1. Field of the Invention
The present invention generally relates to an electroluminescent panel and, more particularly, to a multi-color electroluminescent panel having a multi-color display capability.
2. Description of the Prior Art
An electroluminescent panel having a multi-color display capability is well known in the art. Two types of prior art multi-color electroluminescent panels are shown in FIGS. 11 and 12, respectively, of the accompanying drawings in schematic sectional representation. The multi-color electroluminescent panel shown in FIG. 11 is of a type comprising a plurality of electrodes 67, a plurality of common electrodes 62 formed on a substrate 61, two insulating layers 64 and 66 disposed between the electrodes 67 and the common electrodes 62 and a periodic structure of light emitting layers 65a, 65b and 65c disposed cyclically between the insulating layers 64 and 66 capable of emitting respective light of different colors.
The prior art multi-color electroluminescent panel shown in FIG. 12 is of a type comprising a plurality of electrodes 77, a plurality of common electrodes 72 formed on a substrate 71, two insulating layers 74 and 76 disposed between the electrodes 77 and the common electrodes 72, a single light emitting layer 75 disposed between the insulating layers 74 and 76 and a periodic structure of different color filters 78a, 78b and 78c arranged cyclically on the substrate 71 on one surface thereof opposite to the common electrodes 72.
In both of the prior art multi-color electroluminescent panels, any one of the light emitting layers 65a, 65b and 65c and the light emitting layer 75 is of a type having the light emission luminance versus applied voltage characteristic (characteristic of the light emission luminance relative to the applied voltage) which does not exhibit a hysteresis.
Specifically, the multi-color electroluminescent panel of the construction shown in FIG. 11 has a problem in that, since the color of light emitted from each of the light emitting layers is peculiar to material used to form the respective light emitting layer, the color cannot be selected as desired. Also, since the element has no hysteresis as described above, the prior art multi-color electroluminescent panel cannot be used in such an application that, when the panel comprising of picture elements with hysteresis is driven by the line sequential scanning method, the frequency of sustaining voltage pulses which are continuously applied to all picture elements of the panel can be, for example, about ten times the frame frequency at which write-in (light-on) pulses and erasing (light-off) pulses are applied, thereby to increase the number of lighting to increase the light emission luminance by a factor of 10. This application was reported in Digest 1976 SIP (Society for Information Display) Int. Symp. p.52. Accordingly, the prior art multi-color electroluminescent panel of the construction shown in FIG. 11 cannot be used in an environment where a high light emission luminance is desired.

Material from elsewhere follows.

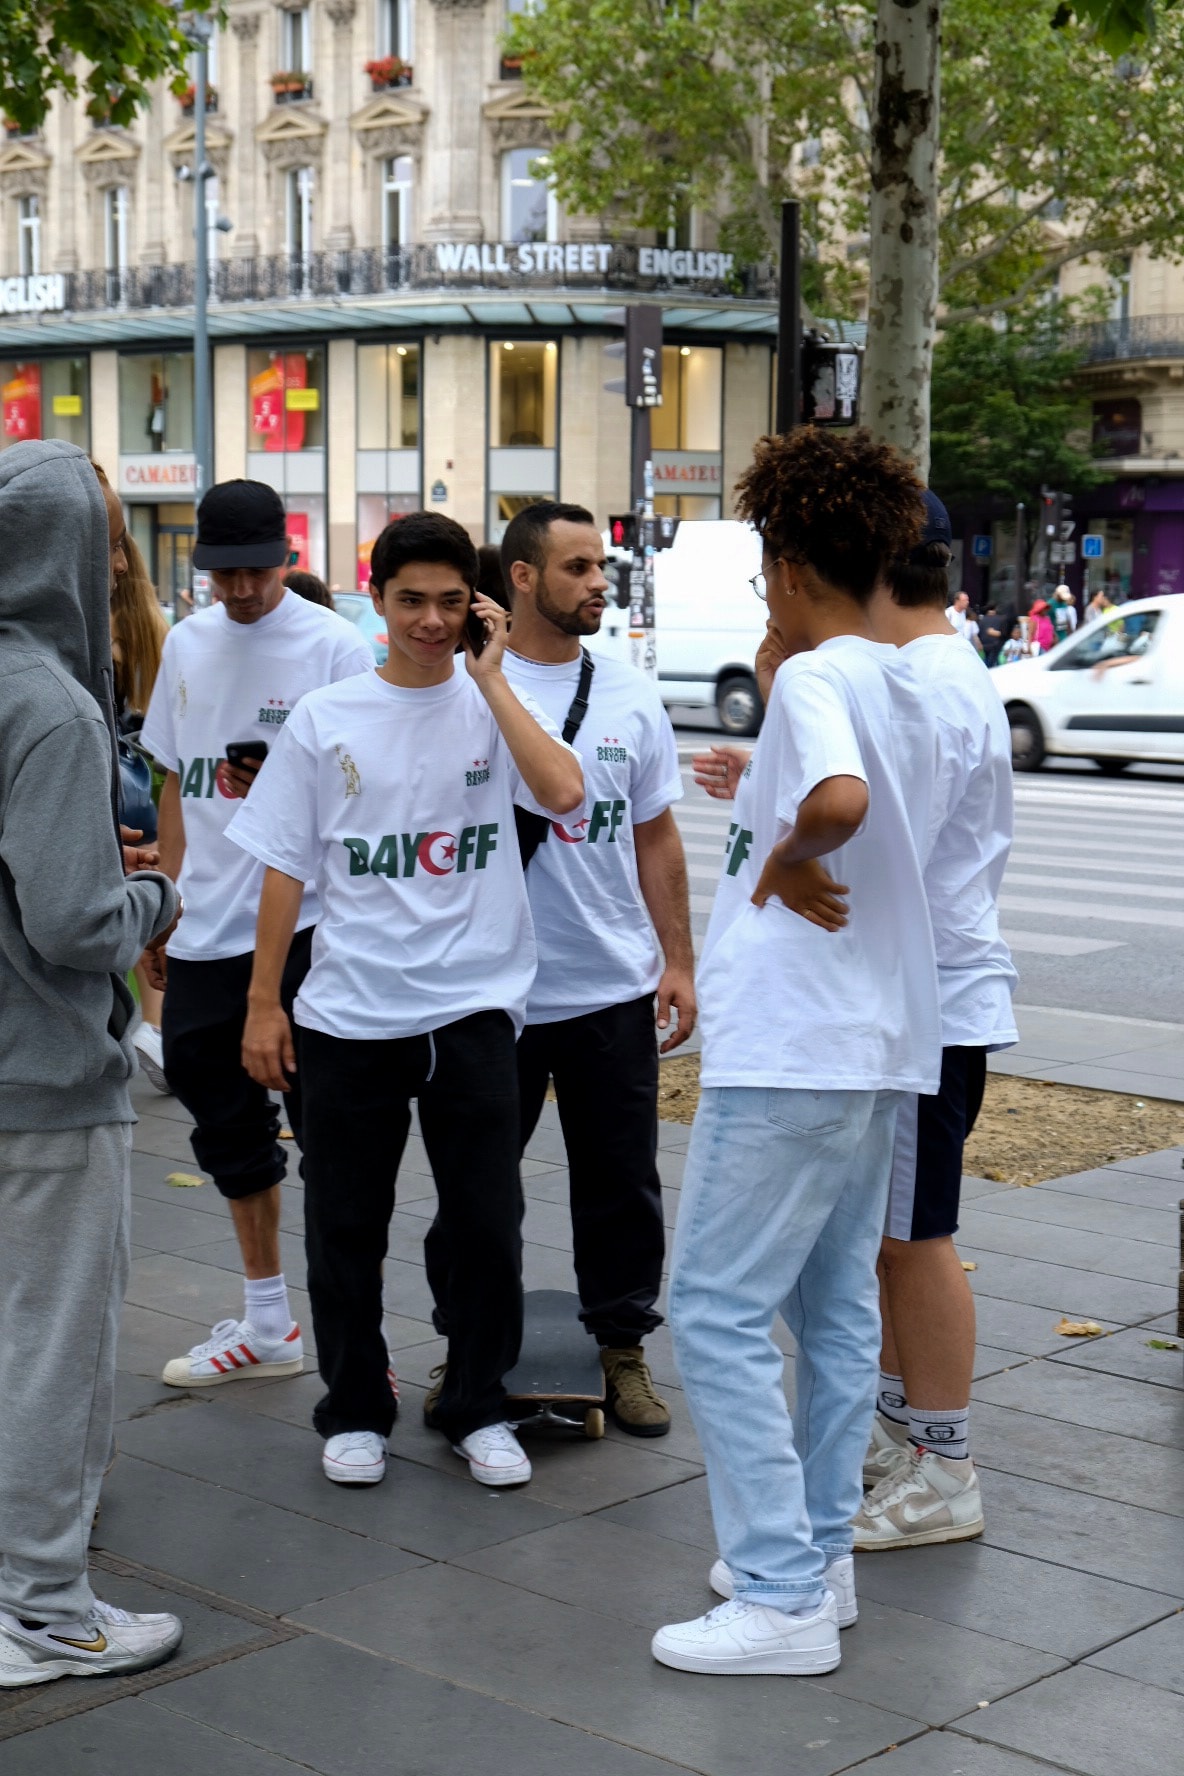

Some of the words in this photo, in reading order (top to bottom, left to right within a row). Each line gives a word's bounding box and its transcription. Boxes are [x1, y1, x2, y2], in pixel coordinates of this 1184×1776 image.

[436, 243, 509, 272] WALL
[517, 243, 612, 273] STREET
[638, 247, 735, 278] ENGLISH

On the other hand, the prior art multi-color electroluminescent panel of the construction shown in FIG. 12 cannot also be used in the way as described in connection with the electroluminescent panel of FIG. 11 because it does not exhibit a hysteresis. In addition, because of a loss of filter, the amount of light emitted to tile outside tends to be low, failing to provide a luminance of practically acceptable level.